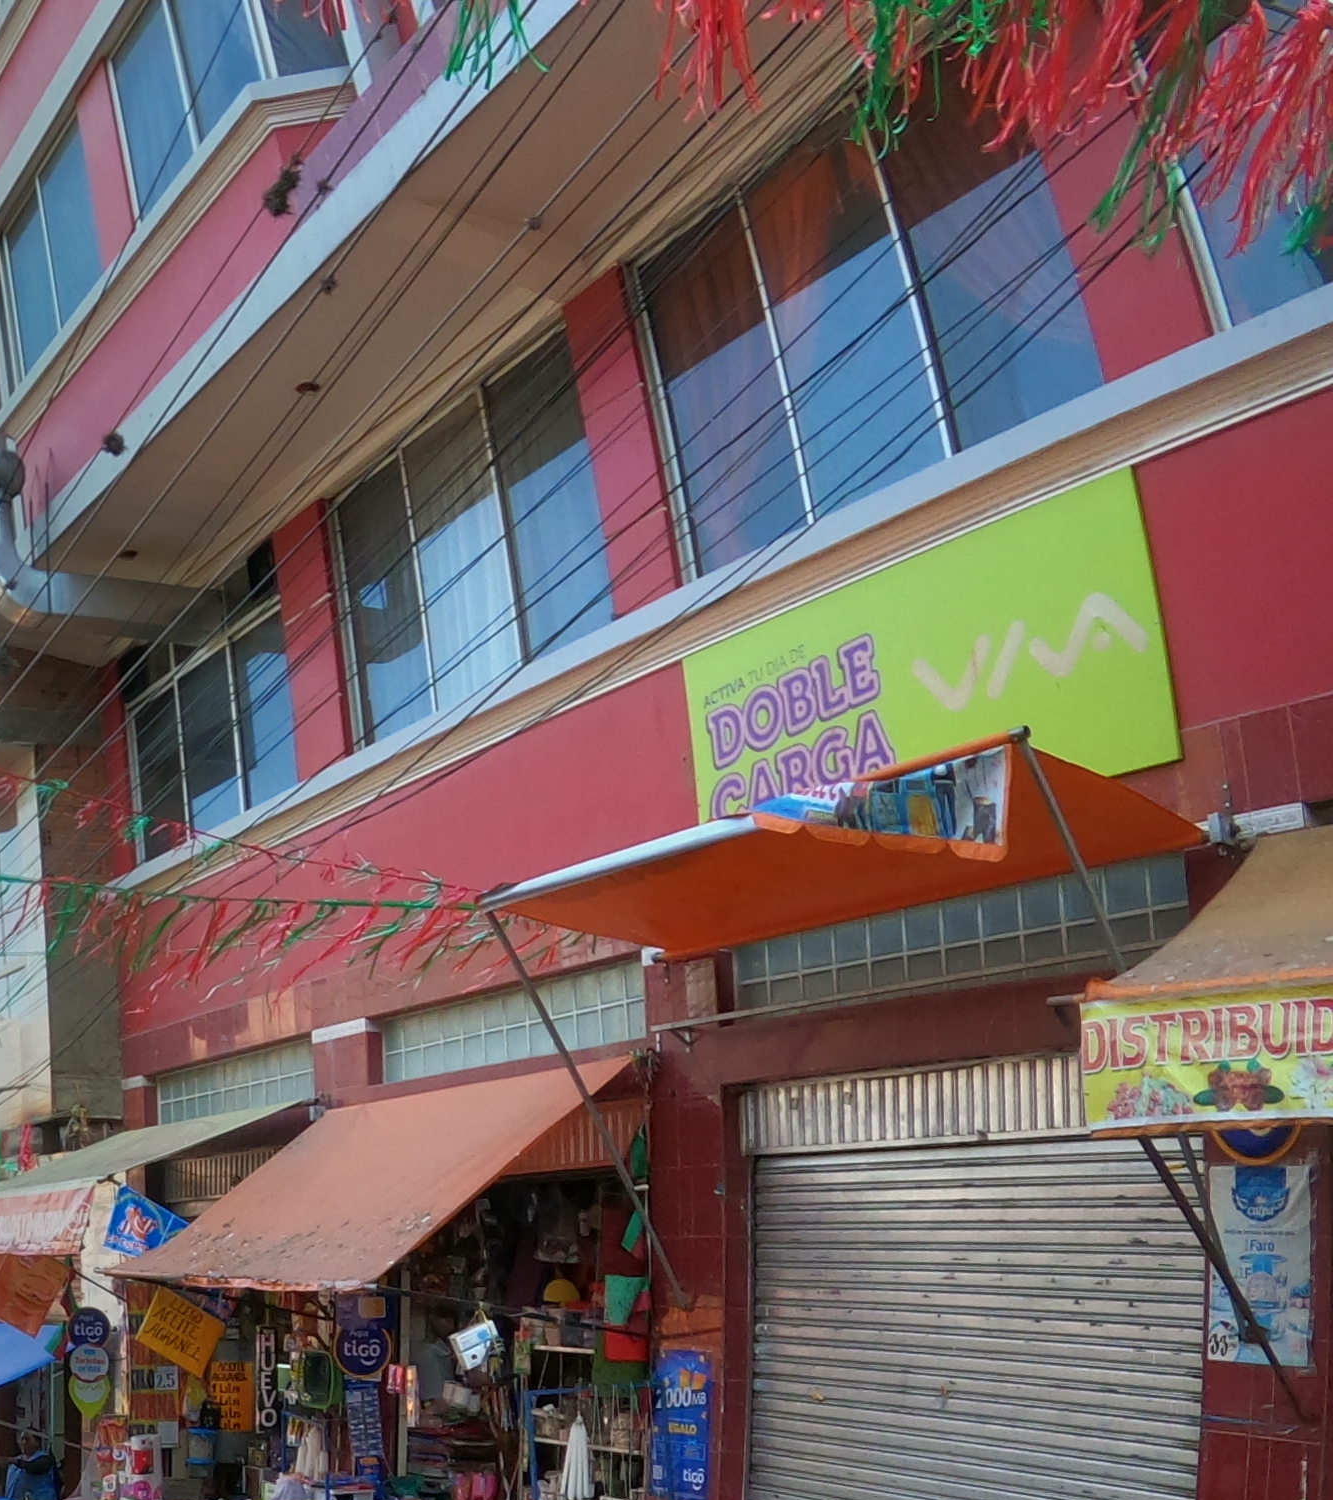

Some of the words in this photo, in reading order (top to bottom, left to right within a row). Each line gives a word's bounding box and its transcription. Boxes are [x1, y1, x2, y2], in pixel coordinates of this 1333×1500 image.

[703, 677, 747, 709] ACTIVA
[747, 666, 764, 685] TU
[791, 644, 808, 665] DE
[706, 633, 881, 770] DOBLE
[709, 709, 898, 820] CARGA
[1081, 997, 1333, 1076] DISTRIBUID
[74, 1322, 103, 1343] tigo
[151, 1306, 202, 1341] ACEITE
[344, 1339, 382, 1366] tigo
[260, 1333, 278, 1428] HUEVO
[683, 1468, 705, 1491] tigo
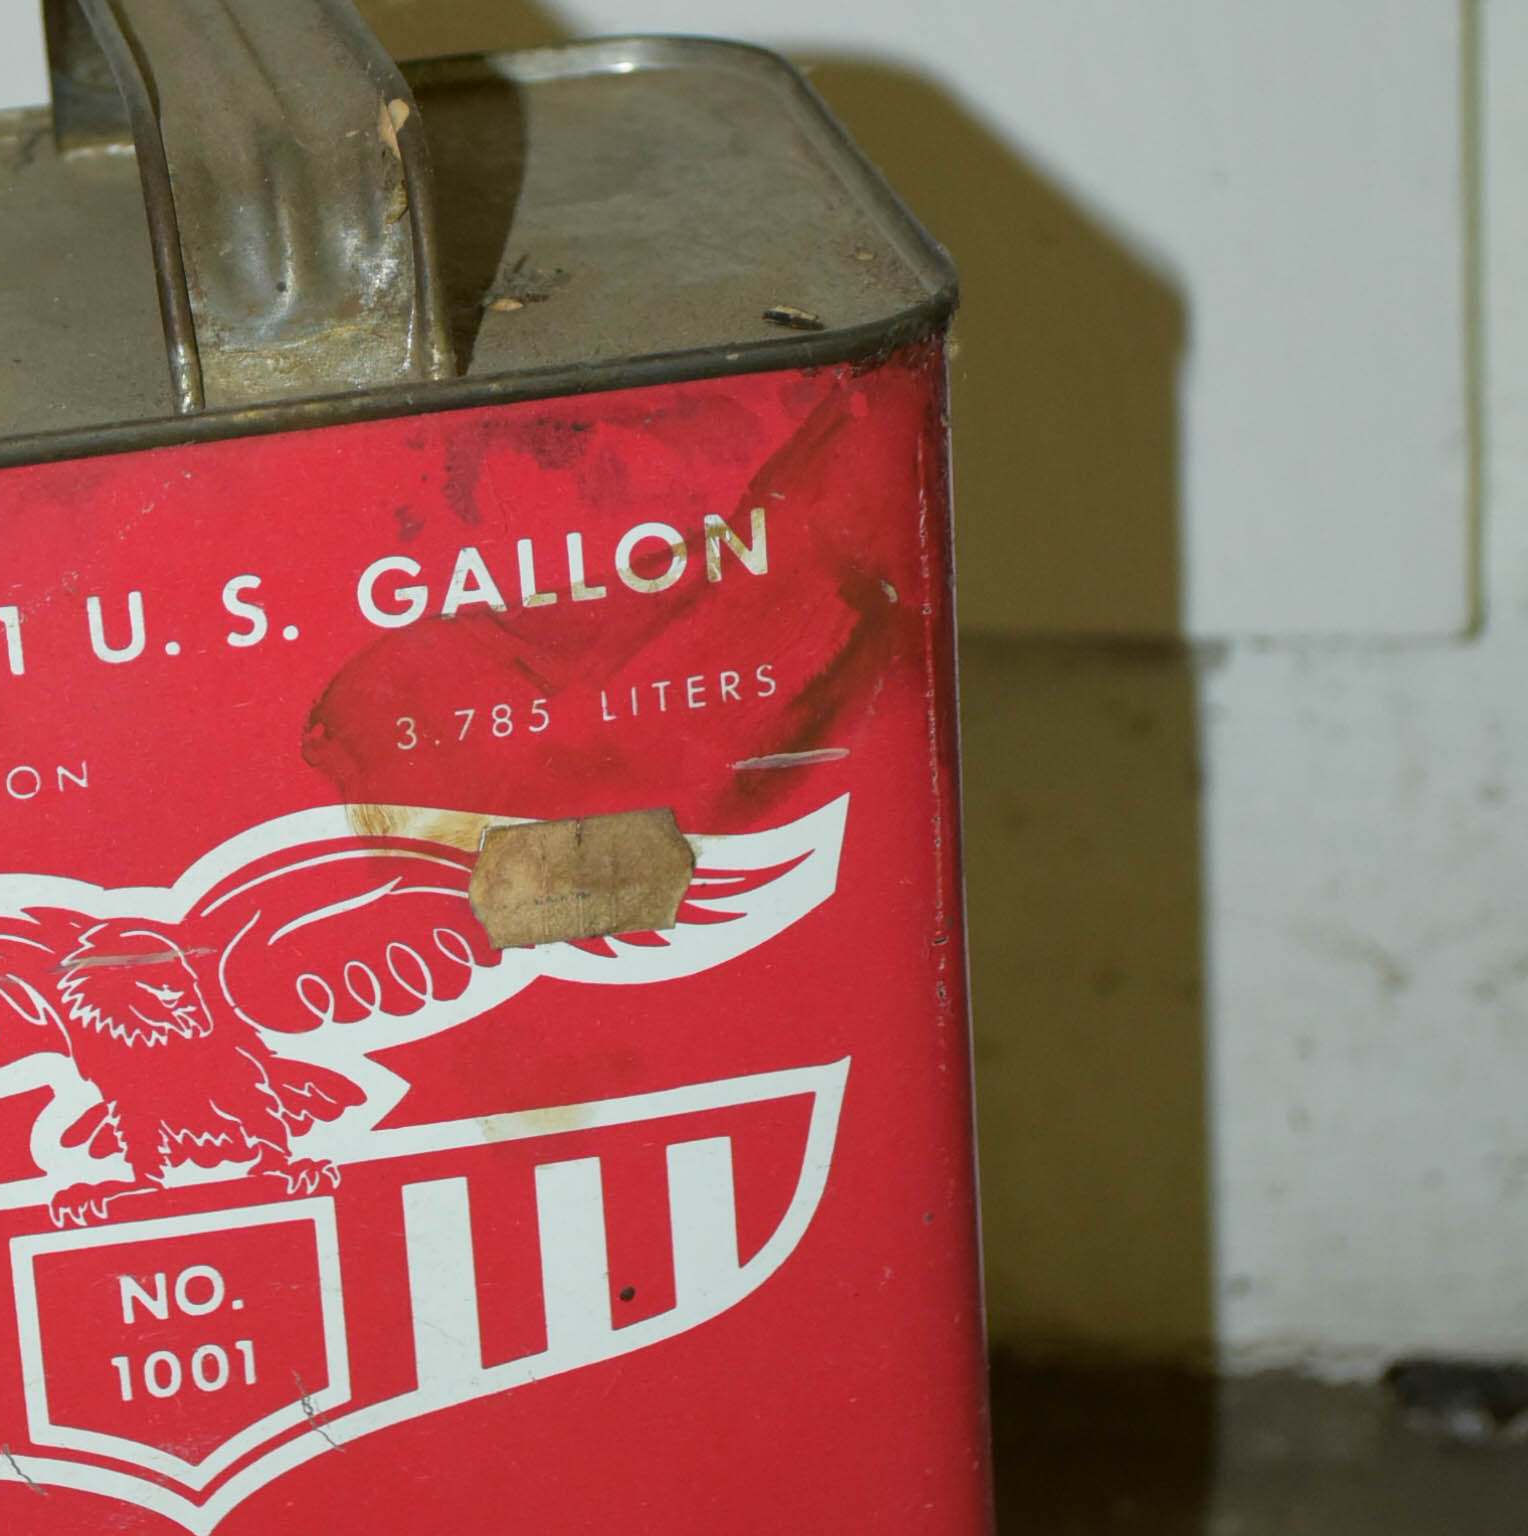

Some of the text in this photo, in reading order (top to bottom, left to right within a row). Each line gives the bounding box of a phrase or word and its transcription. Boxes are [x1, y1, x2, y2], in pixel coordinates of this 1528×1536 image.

[357, 507, 768, 629] GALLON
[395, 665, 779, 751] 3.785 LITERS
[117, 1265, 245, 1324] NO.
[111, 1339, 257, 1402] 1001
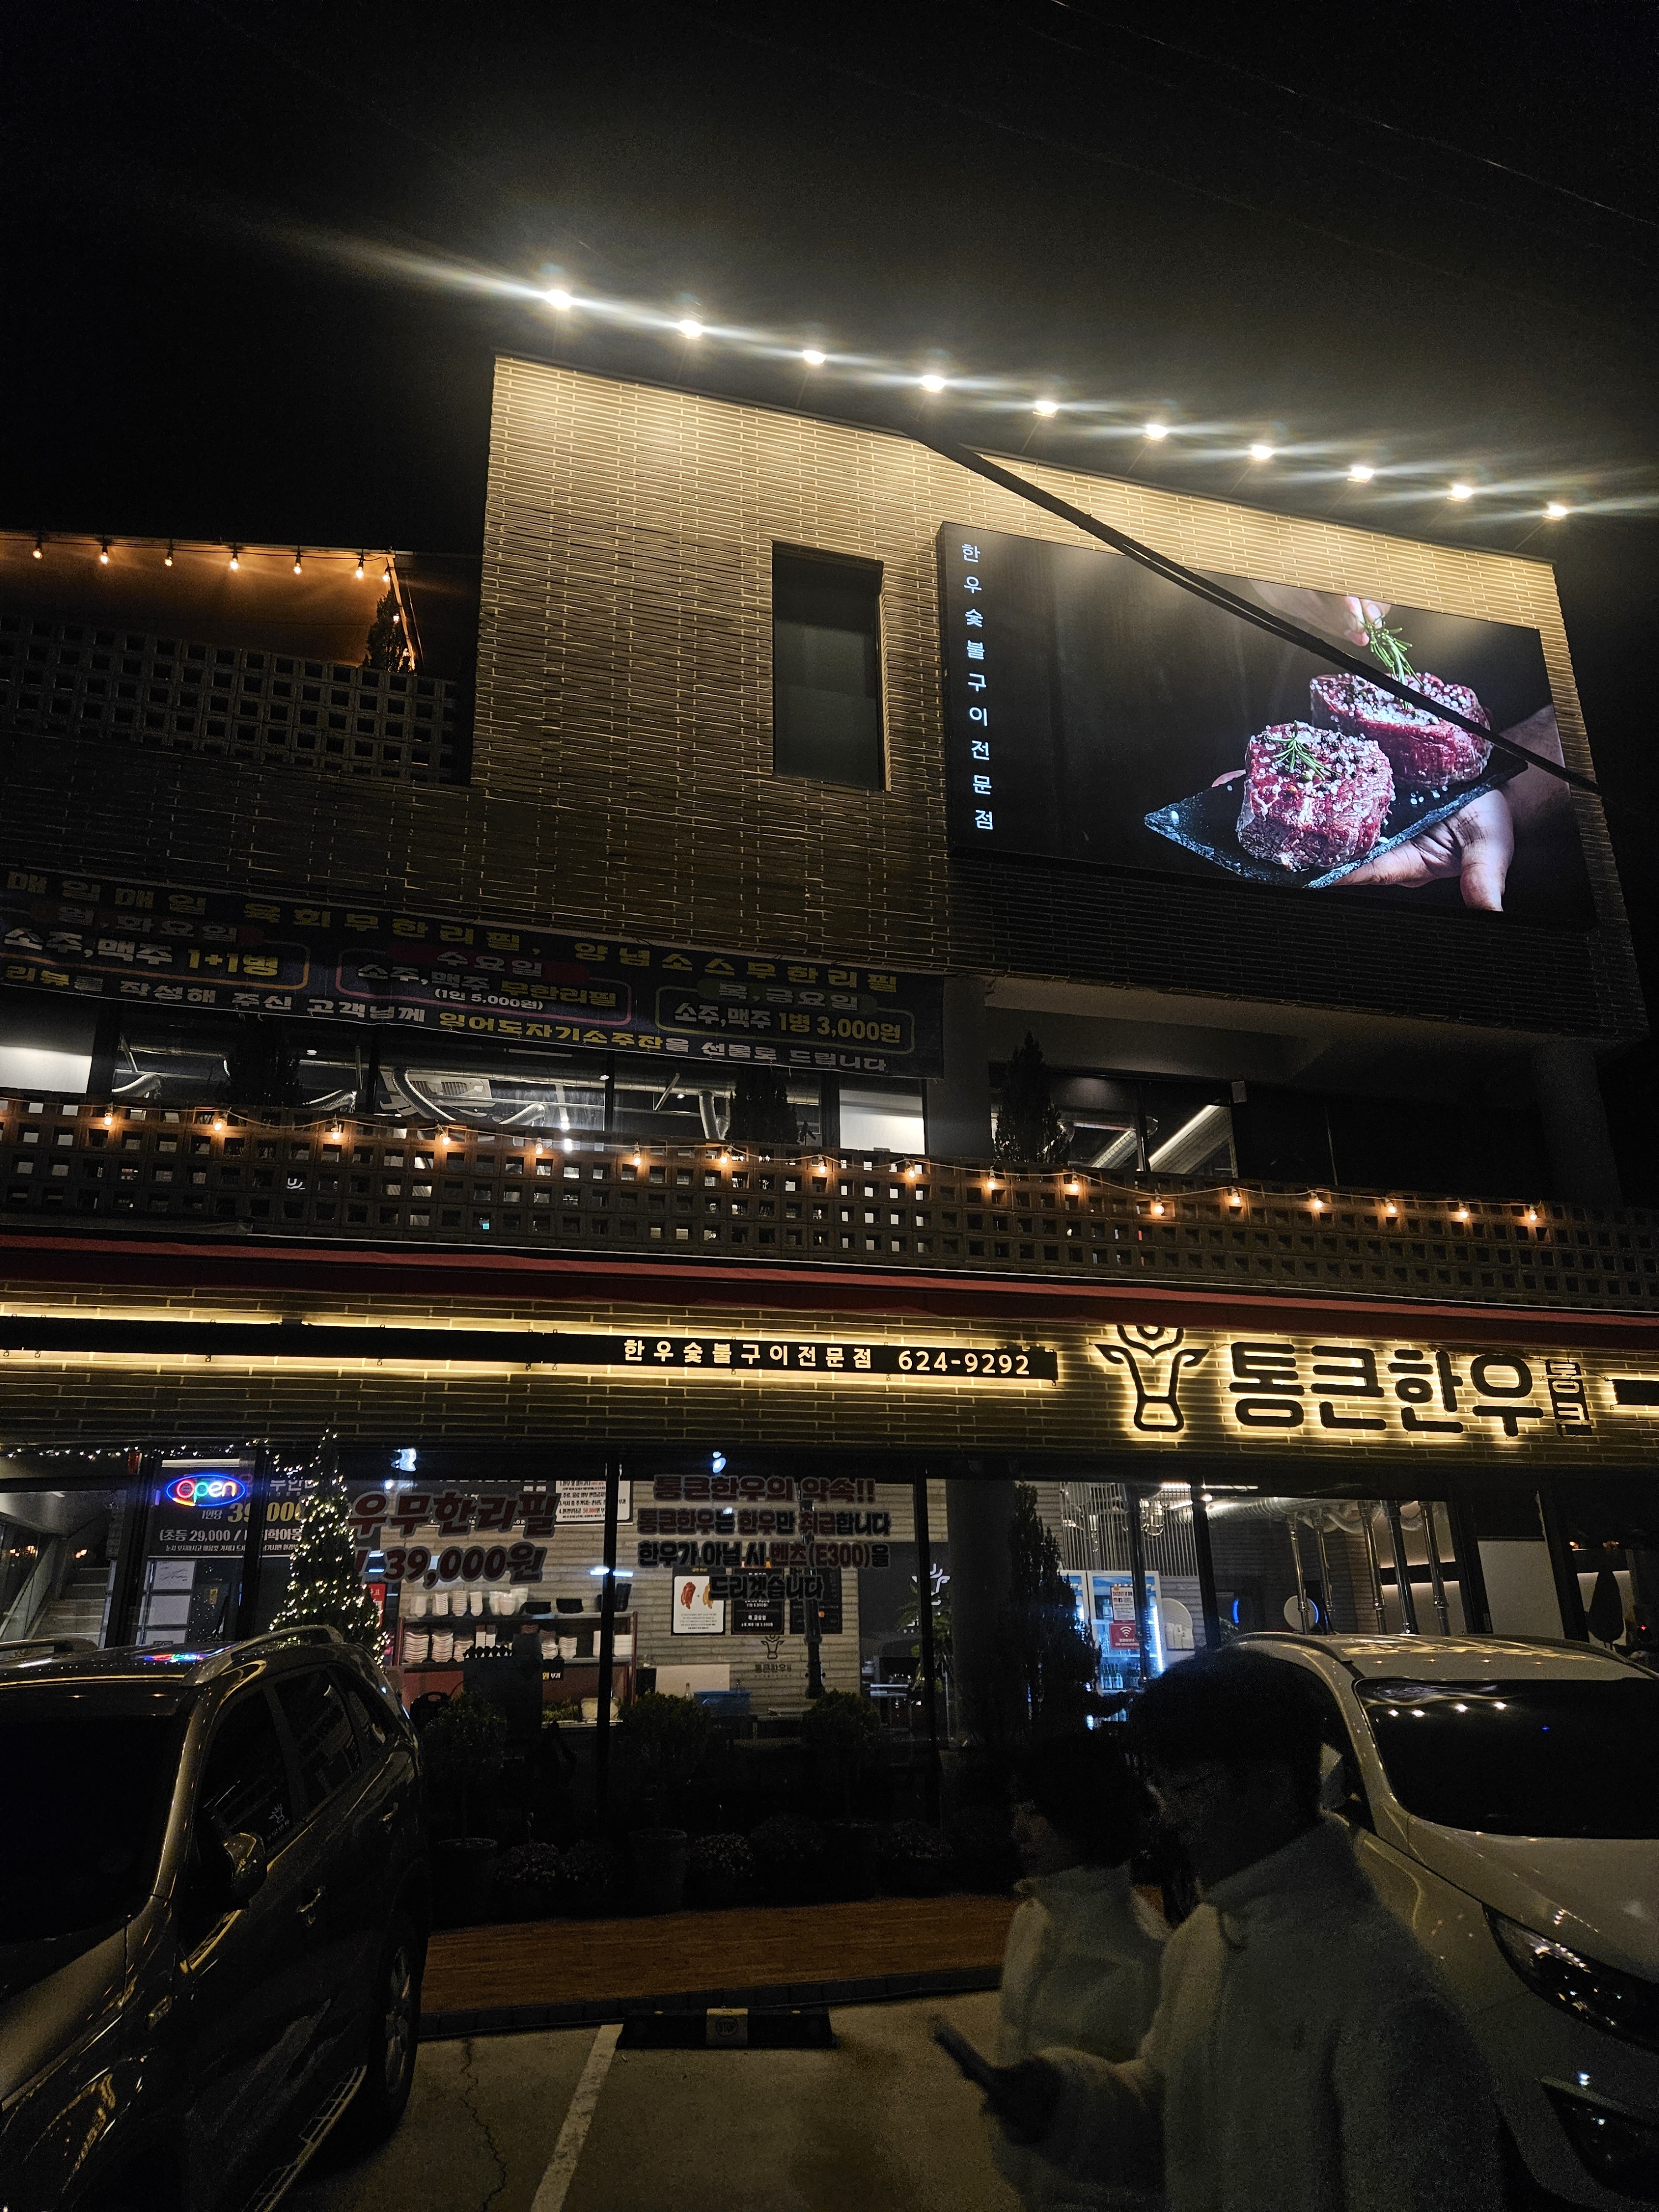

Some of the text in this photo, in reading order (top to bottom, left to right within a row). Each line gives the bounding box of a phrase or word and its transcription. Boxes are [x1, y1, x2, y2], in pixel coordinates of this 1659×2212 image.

[4, 928, 278, 975] 소주,맥주 1+1병
[437, 951, 542, 977] 수요일
[358, 964, 617, 1006] 소주,맥주 무한리필
[435, 988, 544, 1010] (1인 5,000원)
[6, 966, 103, 992] 리뷰를
[119, 980, 216, 1004] 작성해
[232, 993, 292, 1010] 주신
[307, 999, 425, 1022] 고객님께
[701, 1041, 777, 1061] 선물로
[789, 1050, 886, 1071] 드립니다
[674, 1003, 901, 1044] 소주,맥주 1병 3,000원
[624, 1339, 1030, 1376] 한우숯불구이전문점 624-9292
[1230, 1341, 1543, 1437] 통큰한우
[654, 1475, 876, 1503] 통큰한우의 약속!!
[202, 1510, 223, 1520] 1인당
[638, 1509, 891, 1536] 통큰한우는 한우만 취급합니다
[189, 1530, 231, 1542] 29,000
[384, 1542, 546, 1588] 39,000원
[638, 1542, 697, 1568] 한우가
[710, 1574, 823, 1601] 드리겠습니다
---
THE PROBLEM:
Every line above should be returned exactly; the pictures stay out.

EXPECTED ANSWER:
Some of the words in this photo, in reading order (top to bottom, left to right within a row). Each line gives a word's bounding box and its transcription. Boxes are [x1, y1, x2, y2], in pixel coordinates of this 1333×1500 image.

[703, 677, 747, 709] ACTIVA
[747, 666, 764, 685] TU
[791, 644, 808, 665] DE
[706, 633, 881, 770] DOBLE
[709, 709, 898, 820] CARGA
[1081, 997, 1333, 1076] DISTRIBUID
[74, 1322, 103, 1343] tigo
[151, 1306, 202, 1341] ACEITE
[344, 1339, 382, 1366] tigo
[260, 1333, 278, 1428] HUEVO
[683, 1468, 705, 1491] tigo

Some of the text in this photo, in reading order (top to bottom, left to right within a row). Each line gives the bounding box of a phrase or word and its transcription. Boxes are [x1, y1, x2, y2], in pixel coordinates of this 1528×1536 image.

[357, 507, 768, 629] GALLON
[395, 665, 779, 751] 3.785 LITERS
[117, 1265, 245, 1324] NO.
[111, 1339, 257, 1402] 1001

Some of the text in this photo, in reading order (top to bottom, left to right within a row). Each line gives the bounding box of a phrase or word and its transcription. Boxes are [x1, y1, x2, y2], in pixel coordinates of this 1659×2212 image.

[4, 928, 278, 975] 소주,맥주 1+1병
[437, 951, 542, 977] 수요일
[358, 964, 617, 1006] 소주,맥주 무한리필
[435, 988, 544, 1010] (1인 5,000원)
[6, 966, 103, 992] 리뷰를
[119, 980, 216, 1004] 작성해
[232, 993, 292, 1010] 주신
[307, 999, 425, 1022] 고객님께
[701, 1041, 777, 1061] 선물로
[789, 1050, 886, 1071] 드립니다
[674, 1003, 901, 1044] 소주,맥주 1병 3,000원
[624, 1339, 1030, 1376] 한우숯불구이전문점 624-9292
[1230, 1341, 1543, 1437] 통큰한우
[654, 1475, 876, 1503] 통큰한우의 약속!!
[202, 1510, 223, 1520] 1인당
[638, 1509, 891, 1536] 통큰한우는 한우만 취급합니다
[189, 1530, 231, 1542] 29,000
[384, 1542, 546, 1588] 39,000원
[638, 1542, 697, 1568] 한우가
[710, 1574, 823, 1601] 드리겠습니다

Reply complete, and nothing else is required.